If the letters are uniformly distributed, you would expect all the
numbers to be quite close, but instead they range from 15063 to 25679:

{'a': 15063, 'c': 20105, 'b': 15100, 'e': 25465, 'd': 25458, 'g': 25597,
'f': 25589, 'i': 25045, 'h': 25679, 'k': 22945, 'j': 25531, 'm': 16187,
'l': 16252, 'o': 16076, 'n': 16012, 'q': 16069, 'p': 16119, 's': 16088,
'r': 16087, 'u': 15951, 't': 16081, 'w': 16236, 'v': 15893, 'y': 15834,
'x': 15956}

Eye-balling it, it looks vaguely two-humped, one hump around 15-16K, the
second around 22-25K. Sure enough, here's a quick-and-dirty graph:

a | ***********************************
b | ***********************************
c | ***********************************************
d | ***********************************************************
e | ***********************************************************
f | ************************************************************
g | ************************************************************
h | ************************************************************
i | ***********************************************************
j | ************************************************************
k | ******************************************************
l | **************************************
m | **************************************
n | *************************************
o | **************************************
p | **************************************
q | **************************************
r | **************************************
s | **************************************
t | **************************************
u | *************************************
v | *************************************
w | **************************************
x | *************************************
y | *************************************


The mean of the counts is 19056.72, and the mean deviation is 3992.28.
While none of this is statistically sophisticated, it does indicate to me
that your function is nowhere even close to uniform.
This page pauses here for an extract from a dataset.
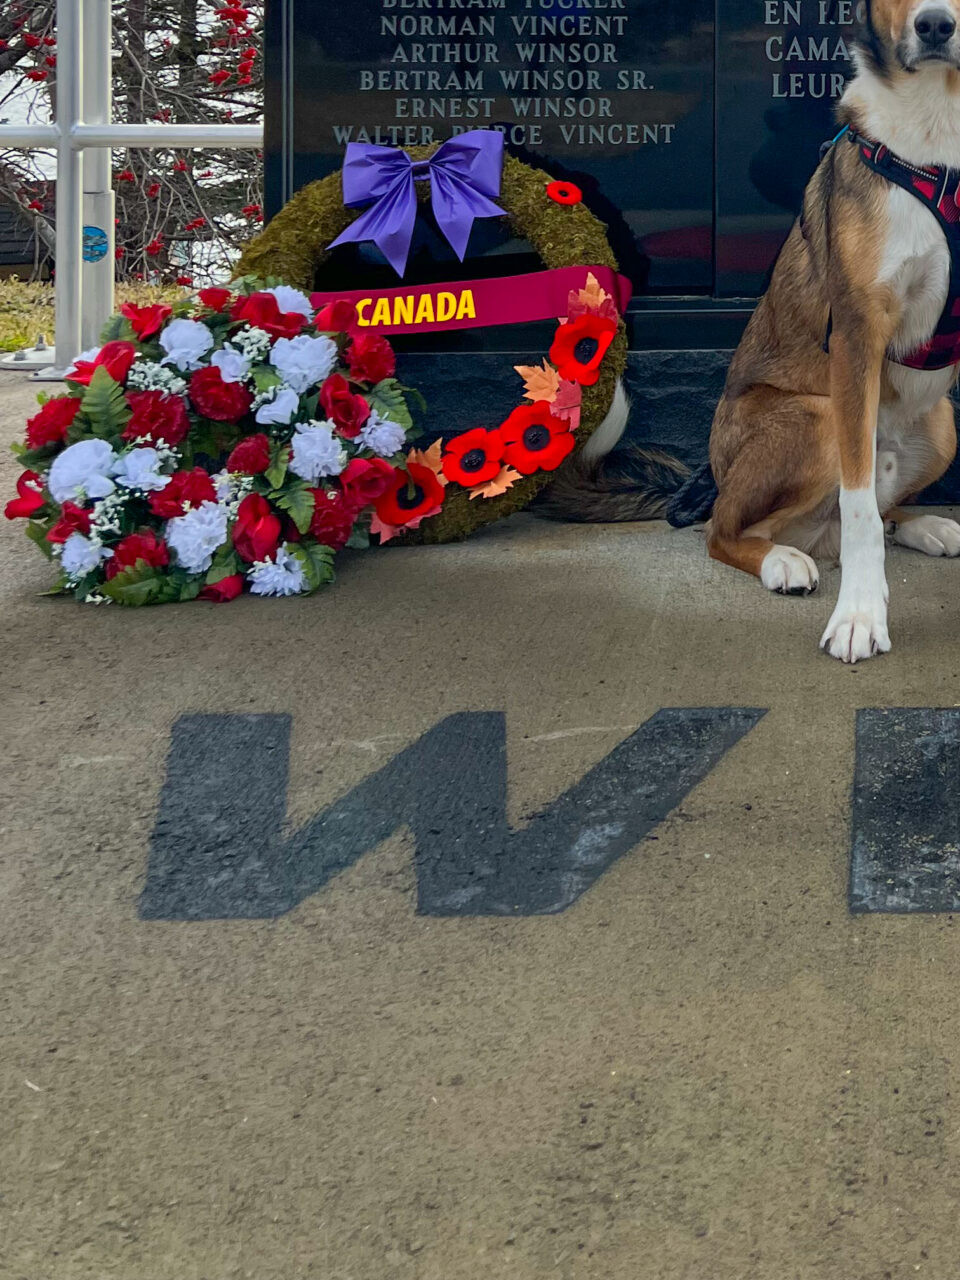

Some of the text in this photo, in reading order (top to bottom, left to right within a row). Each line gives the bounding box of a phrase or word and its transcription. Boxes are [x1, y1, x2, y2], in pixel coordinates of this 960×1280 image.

It has a very strong
bias.



--
Steven

Paul Rubin

2/24/2010 2:42:00 AM

0

Steven D'Aprano <steven@REMOVE.THIS.cybersource.com.au> writes:
> Putting aside the philosophical question of what "truly random" means, I
> presume you mean that the letters are uniformly distributed. The answer
> to that is, they don't like uniformly distributed.

That is a good point, the way those letters are generated (through the
decimal conversion stuff), they won't be all that uniform.